Cheerios, Who Knew?

Remember when Cheerios was just a cereal? You always had it in the cupboard. I’m not saying it was the fun cereal or anything. Frosted Flakes, now that was a fun cereal. You could eat Frosted Flakes with milk or without. Either was still sensational, but Cheerios were just there, like the quiet sister. You couldn’t really put things on Cheerios; like blueberries for example. But let’s face it, fruit on cereal really belonged to Corn Flakes.

Anyway, the reason I want to talk about Cheerios is that they have become so much more than a just a staple cereal in your pantry.

First, they will now cure your heart disease, and if you don’t have heart disease, they will lower your cholesterol, and if you don’t have a cholesterol problem, voila, Cheerios will assist your digestion. These are the important things Cheerios can do for you. But it doesn’t stop there.

When my daughter was a toddler, I had plastic sandwich bags of Cheerios with her at all times. I had them in the diaper bag, in my coat pockets, in the car, and in her room. It was the perfect snack. No fake coloring and you could pretend they were healthy. A generation later, I see mothers still using them when I’m out and about. Oh, we also played counting games with them, and while she is not in mathematics, she tests well in math, and I’m sure I have Cheerios to thank for that.

Today, I received an email that gave me a ‘recipe’ for making a bird feeder out of Cheerios. Apparently, birds like and need Cheerios as much as we do, and if you make it for them, they will come. Who knew? I am not going to make the bird feeder because I don’t want bird kaka on my small terrace, no matter how much it will help them.

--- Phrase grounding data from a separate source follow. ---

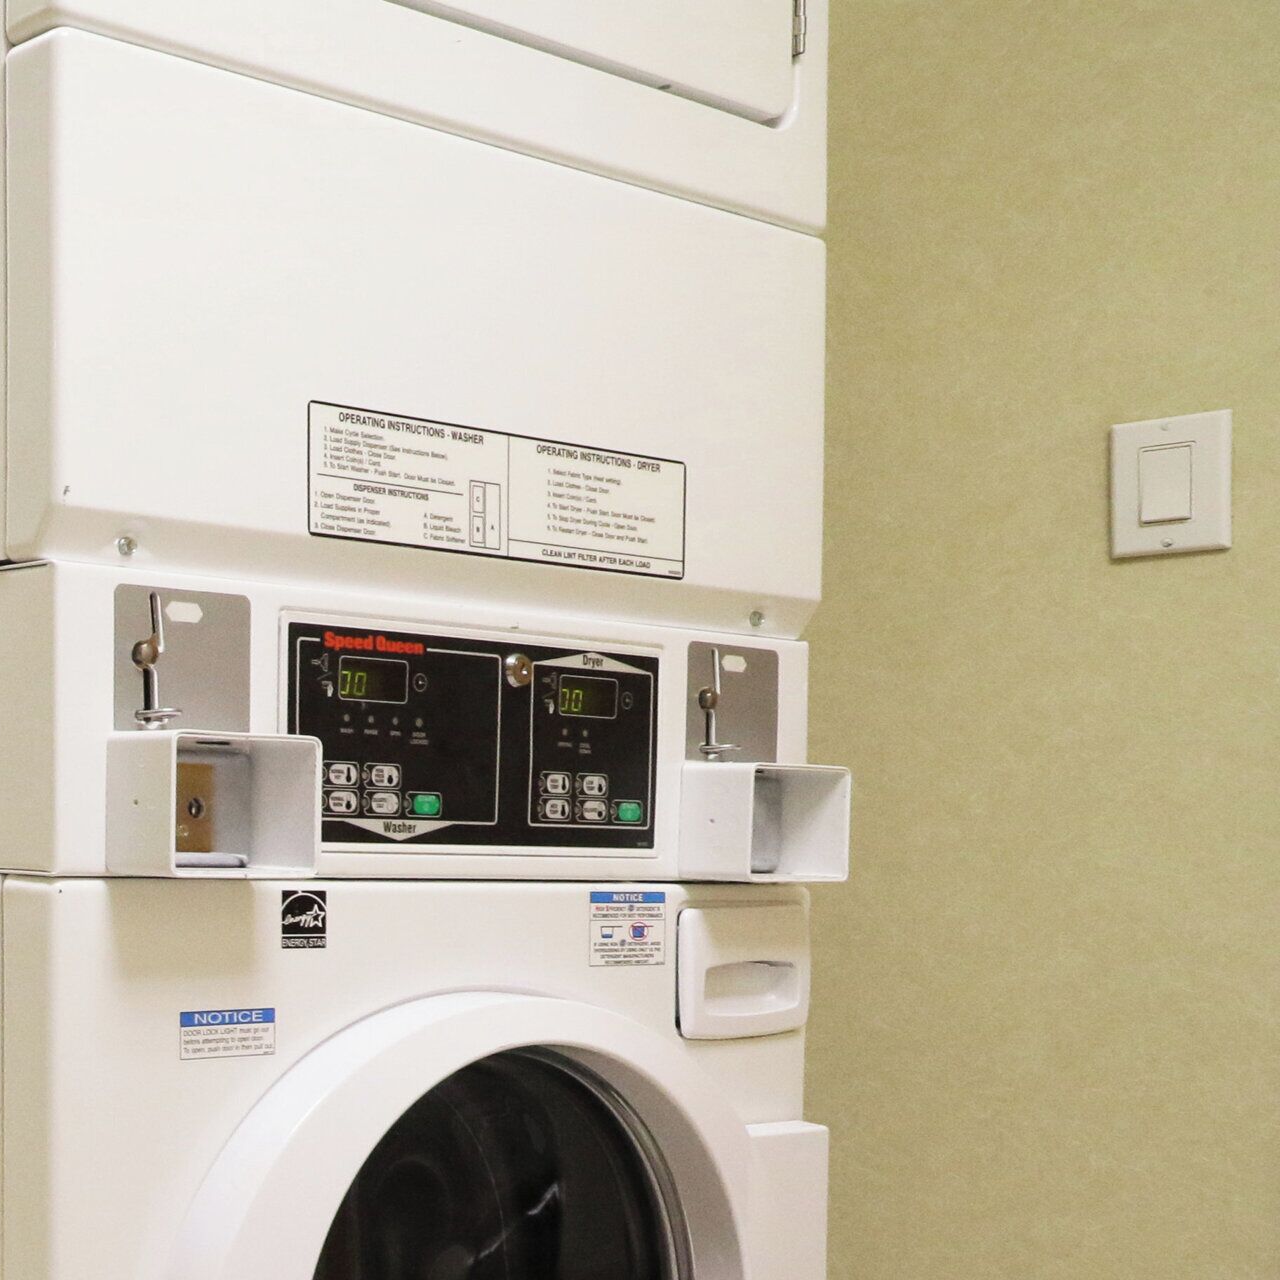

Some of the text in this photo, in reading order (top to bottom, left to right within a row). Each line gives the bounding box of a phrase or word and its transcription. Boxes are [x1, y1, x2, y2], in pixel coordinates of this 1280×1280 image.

[339, 412, 385, 429] OPERATING
[388, 420, 445, 439] INSTRUCTIONS
[451, 431, 484, 444] WASHER
[536, 444, 578, 460] OPERATING
[580, 452, 631, 468] INSTRUCTIONS
[637, 460, 661, 472] DRYER
[353, 484, 429, 501] DISPENSER INSTRUCTIONS
[541, 549, 562, 558] CLEAN
[577, 553, 597, 562] FILTER
[599, 556, 617, 565] AFTER
[618, 558, 634, 567] EACH
[635, 560, 651, 569] LOAD
[324, 631, 425, 655] Speed Queen
[583, 654, 604, 668] Dryer
[383, 821, 416, 833] Washer
[612, 893, 644, 901] NOTICE
[282, 938, 326, 948] ENERGY STAR
[194, 1011, 263, 1024] NOTICE
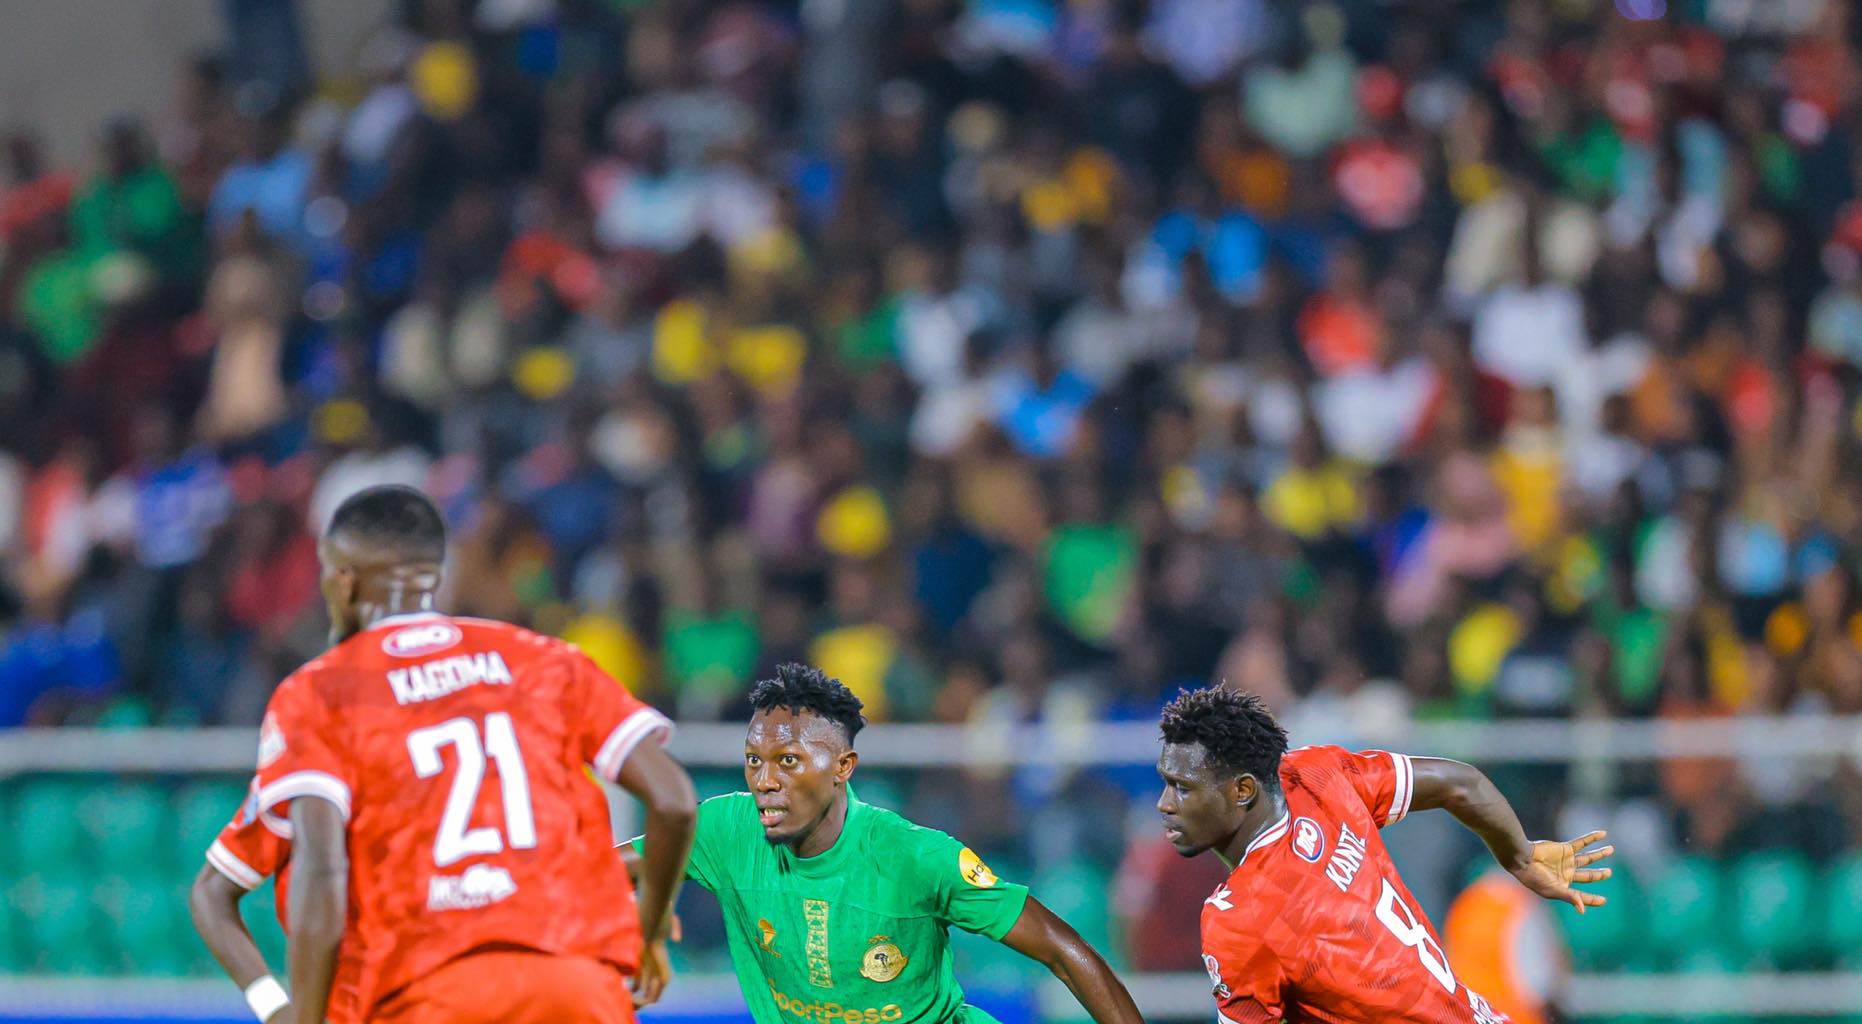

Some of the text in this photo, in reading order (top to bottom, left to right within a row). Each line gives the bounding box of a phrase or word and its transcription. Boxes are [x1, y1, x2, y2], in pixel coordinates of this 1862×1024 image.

[386, 650, 513, 706] KAGOMA
[406, 711, 538, 868] 21
[1374, 876, 1458, 995] 8
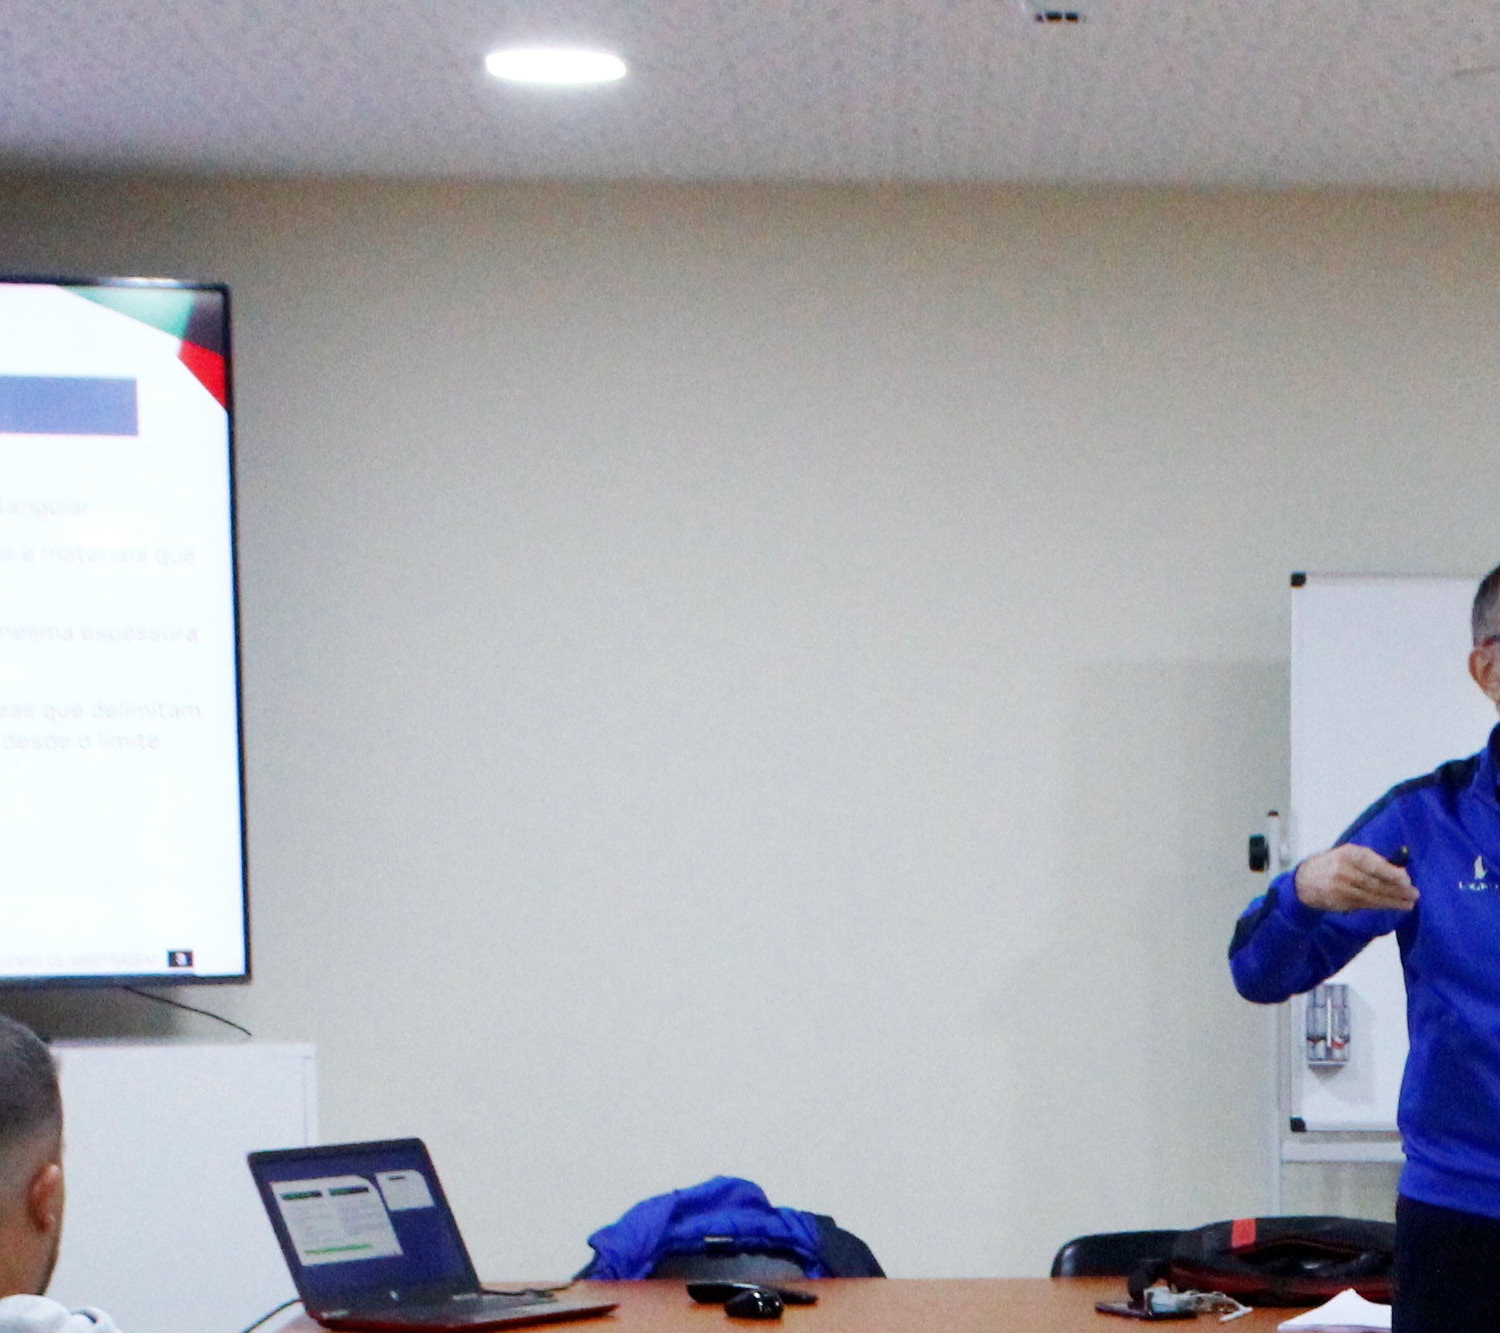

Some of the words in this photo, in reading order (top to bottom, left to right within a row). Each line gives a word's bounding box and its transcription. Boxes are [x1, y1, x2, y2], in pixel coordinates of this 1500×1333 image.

[153, 547, 198, 568] que
[80, 624, 199, 647] espessura
[44, 704, 84, 723] que
[90, 700, 203, 720] delimitam
[2, 732, 73, 752] desde

A few week ago, I read that girls were making Cheerio necklaces and giving them to friends to wear and eat the Cheerios one by one during the day. Every time you see the guy you like, you eat one and voila (this is really cool), he will like you back. I have no idea who is doing Cheerios’s marketing, but Obama should bring them to the White House.

Cheerios has a history, even though you probably don’t care about it. Cheerios was first produced on June 19, 1941 and was marketed by the General MIlls cereal company as the first oat-based, ready-to-eat cold cereal. It was called Cheeri Oats at first, later changed to Cheerios because of a trade name dispute with Quaker Oats. The new name fit the “O” shape of the cereal pieces. Now, aren’t you glad you know that?

Personally I liked it better when they tried to sell you cereal by giving you fabulous things in the boxes. Like Cracker Jacks, but your mother didn’t mind buying it. Someone actually wrote a book about it. (Just goes to show you that you can write a book about anything and if you are first to market, you can create a market. Strange.) The book is called Cereal Boxes and Prizes, 1960s : A Tribute and Price Guide, and you can buy it on Amazon. I was going to download it to Kindle so I could tell you what some of them were, but I just can’t bring myself to do it. If any of you buy it, let me know what the prizes were. I can’t remember. I do remember, however, that the first to open the box of cereal in my house got the prize. You shook it until it came out, even though we weren’t supposed to do that. We were supposed to wait and when it fell out naturally into someone’s bowl, that child would get the prize. Let’s be real. Setting up those kinds of rules, sets your child up to become a cheat. But, that’s another blog which I’ve already done.

I am done with the Cheerios Chat. But even though you are probably saying I am running out of things to blog about, you mark my words. You will never look at Cheerios the same again, and you are going to notice them now in their new forms.